**YOUR TASK**
Please write out, exactly as they appear, the line containing "Some of the text" and every line after it to the end of the records, and nothing more.

Spatial localization data:
########################################

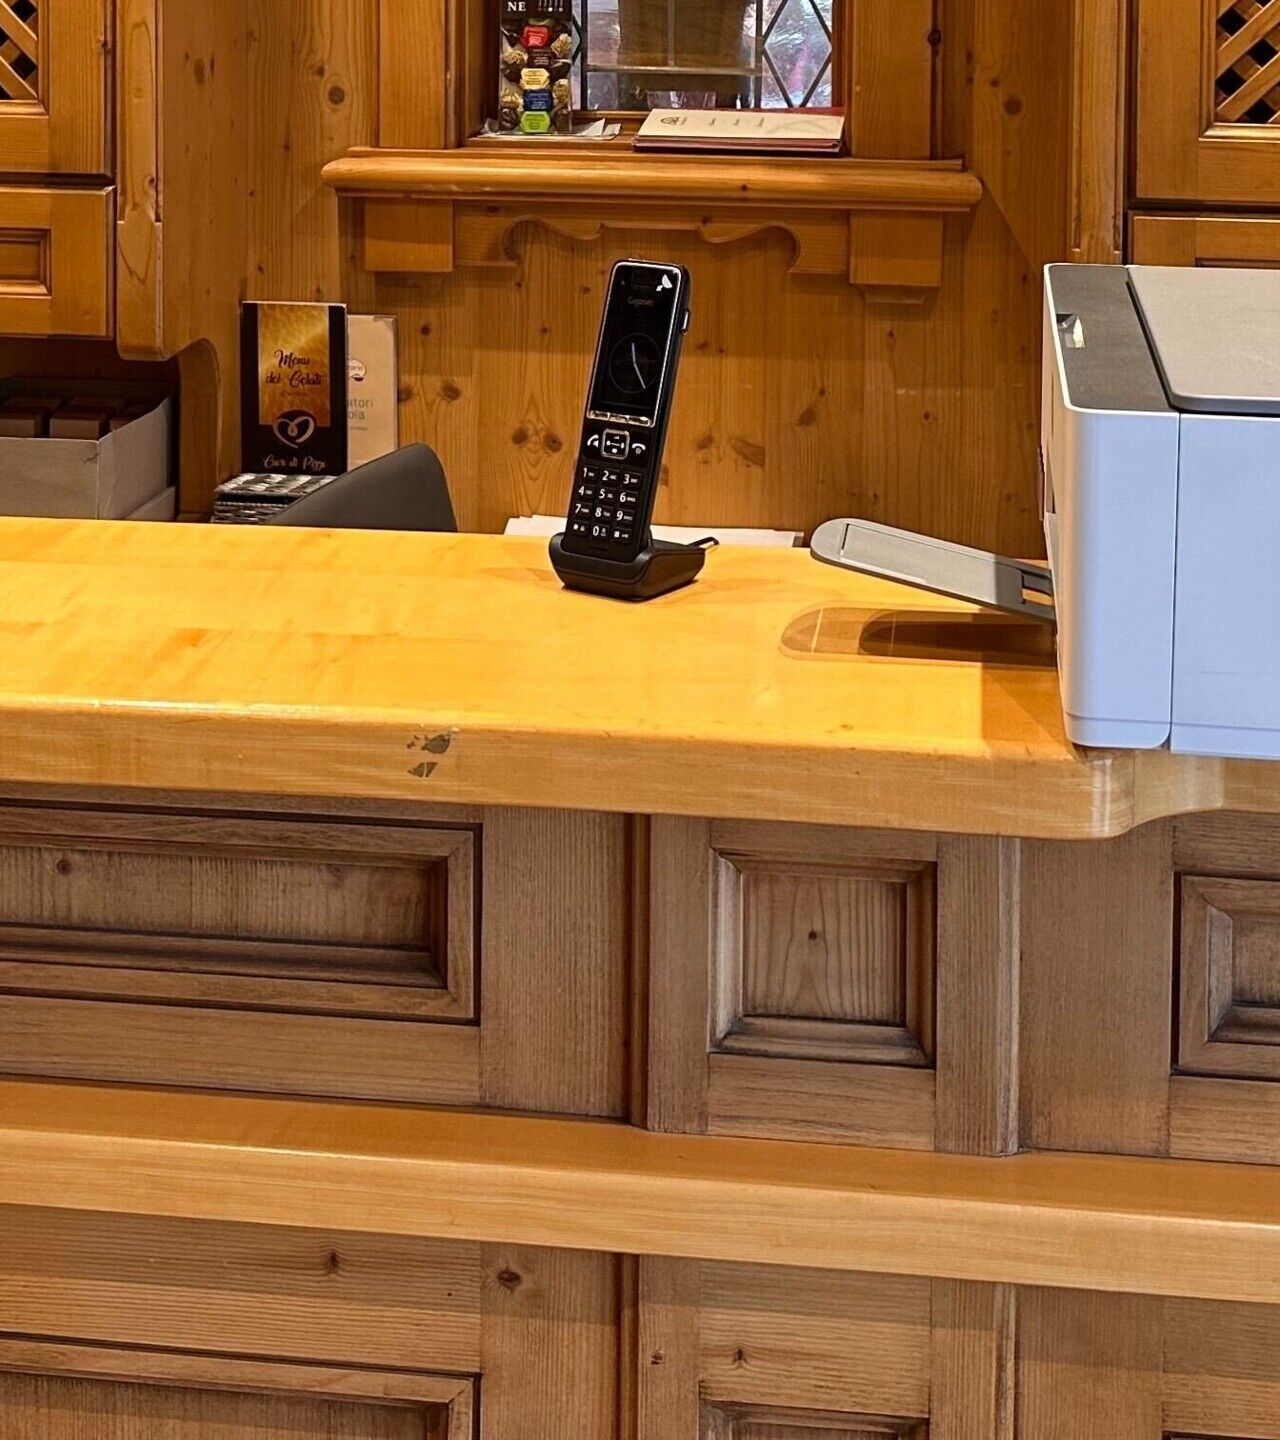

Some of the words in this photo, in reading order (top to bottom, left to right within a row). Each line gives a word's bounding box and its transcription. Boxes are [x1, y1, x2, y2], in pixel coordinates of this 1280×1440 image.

[507, 1, 526, 12] NE
[583, 467, 588, 478] 1
[602, 470, 609, 481] 2
[623, 474, 630, 484] 3
[578, 485, 585, 496] 4
[599, 488, 605, 499] 5
[620, 492, 626, 502] 6
[575, 503, 582, 513] 7
[595, 507, 602, 517] 8
[616, 510, 623, 521] 9
[593, 525, 599, 536] 0
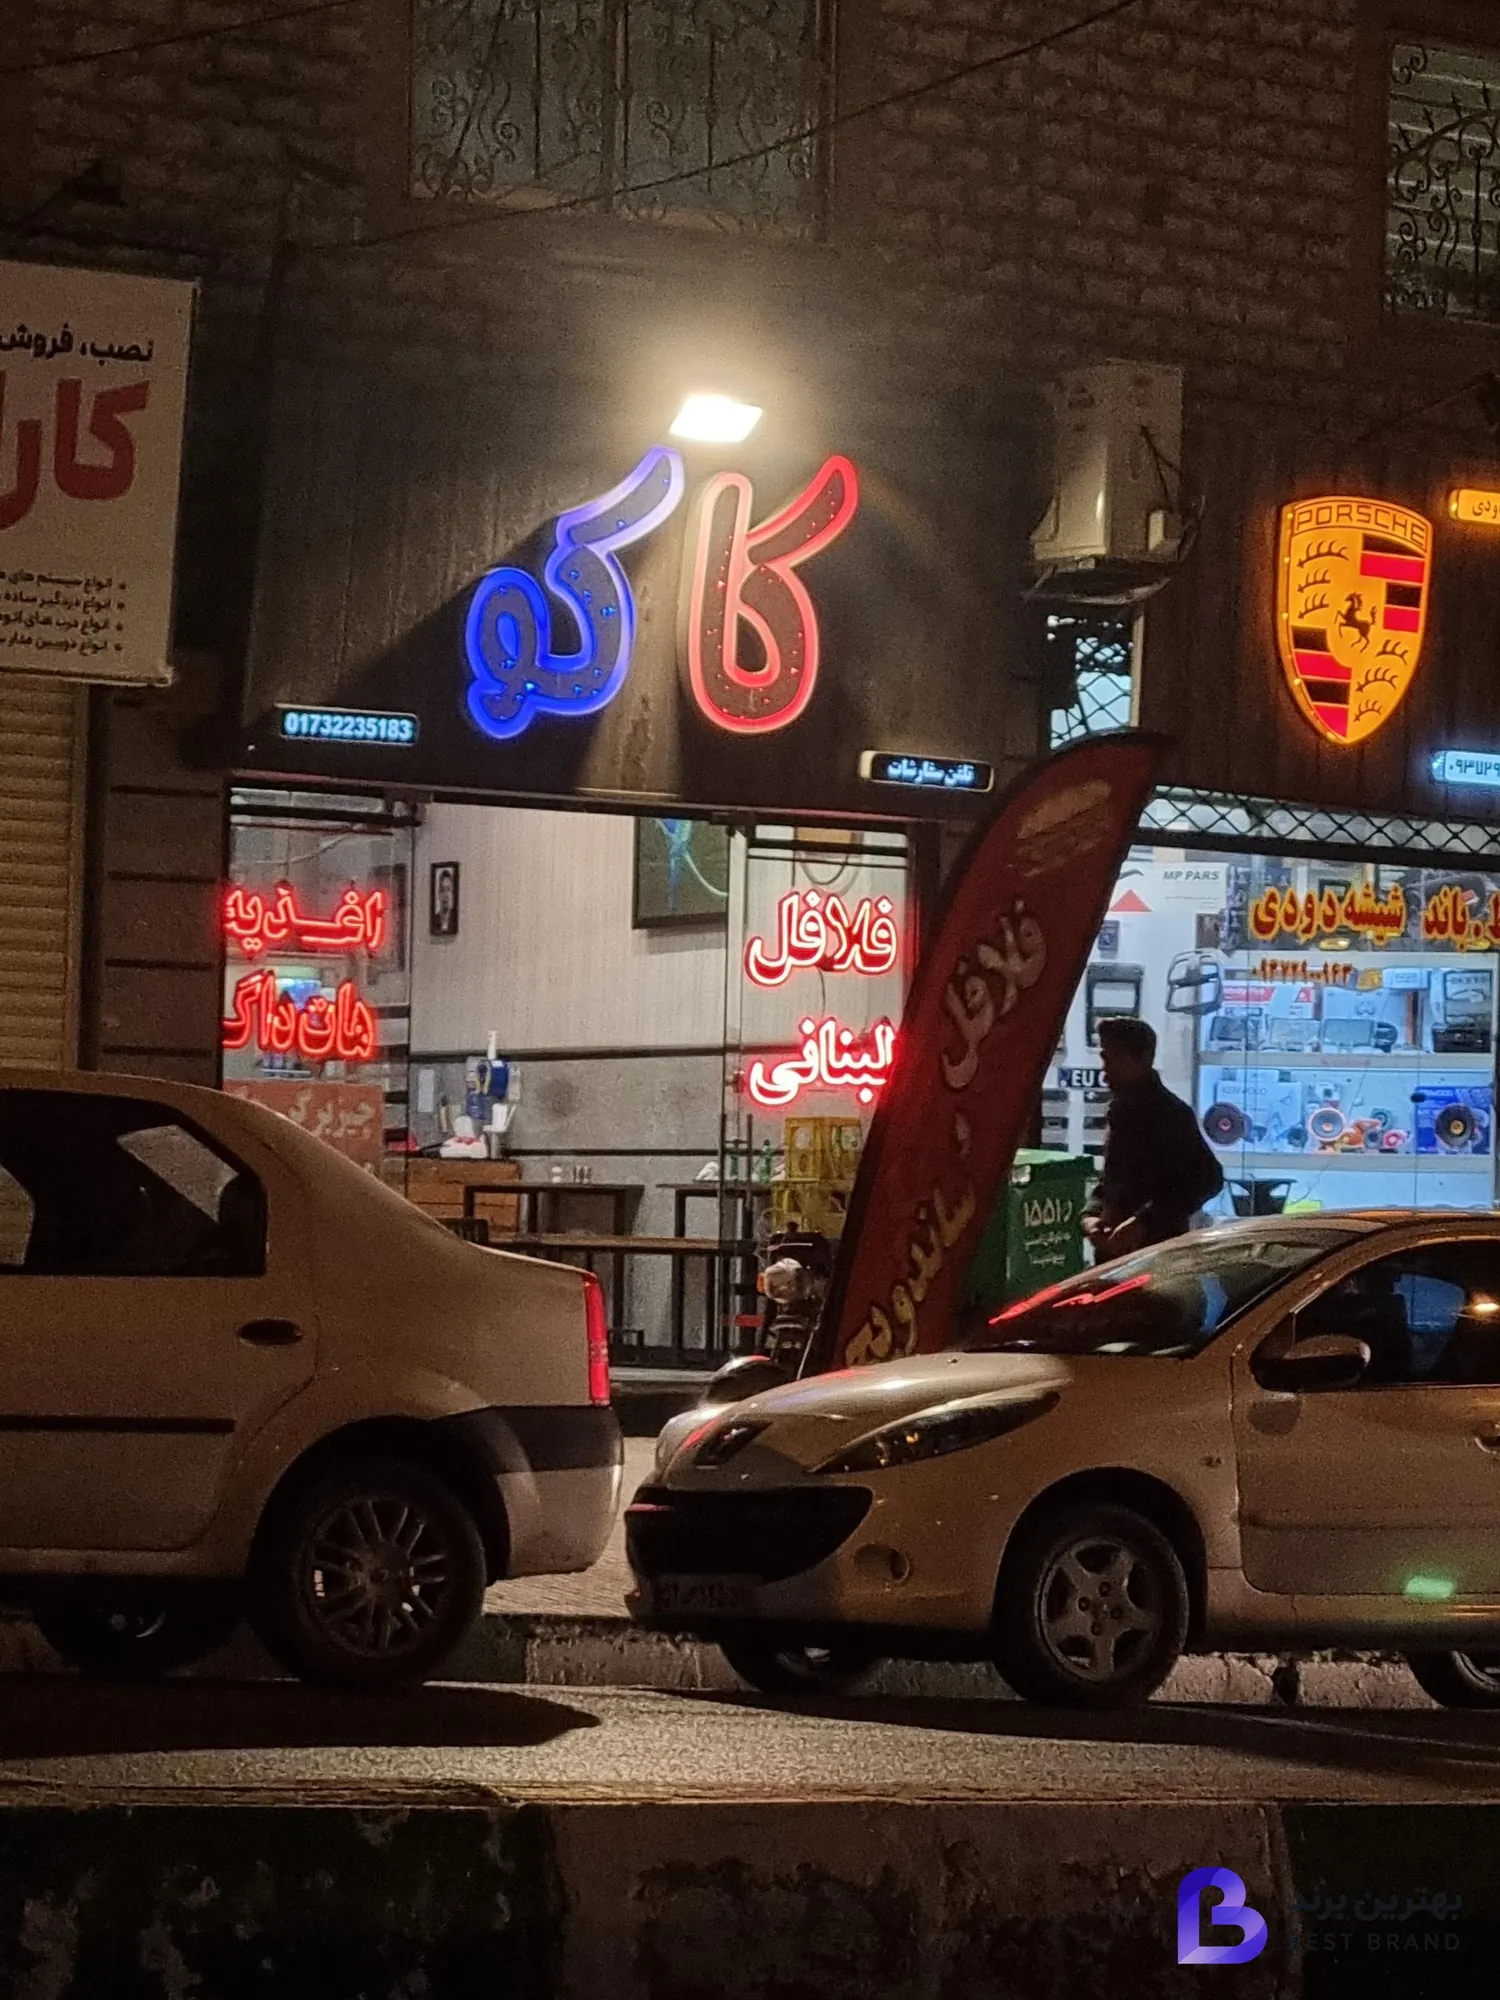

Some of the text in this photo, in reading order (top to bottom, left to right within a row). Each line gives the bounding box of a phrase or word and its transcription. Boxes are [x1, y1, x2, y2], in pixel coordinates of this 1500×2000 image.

[1296, 504, 1426, 547] PORSCHE
[283, 711, 413, 742] 01732235183
[1184, 870, 1220, 881] PARS
[745, 889, 897, 987] فلافل

########################################

**WRITTEN ANSWER**
Some of the text in this photo, in reading order (top to bottom, left to right within a row). Each line gives the bounding box of a phrase or word and its transcription. Boxes are [x1, y1, x2, y2], in pixel coordinates of this 1500×2000 image.

[1296, 504, 1426, 547] PORSCHE
[283, 711, 413, 742] 01732235183
[1184, 870, 1220, 881] PARS
[745, 889, 897, 987] فلافل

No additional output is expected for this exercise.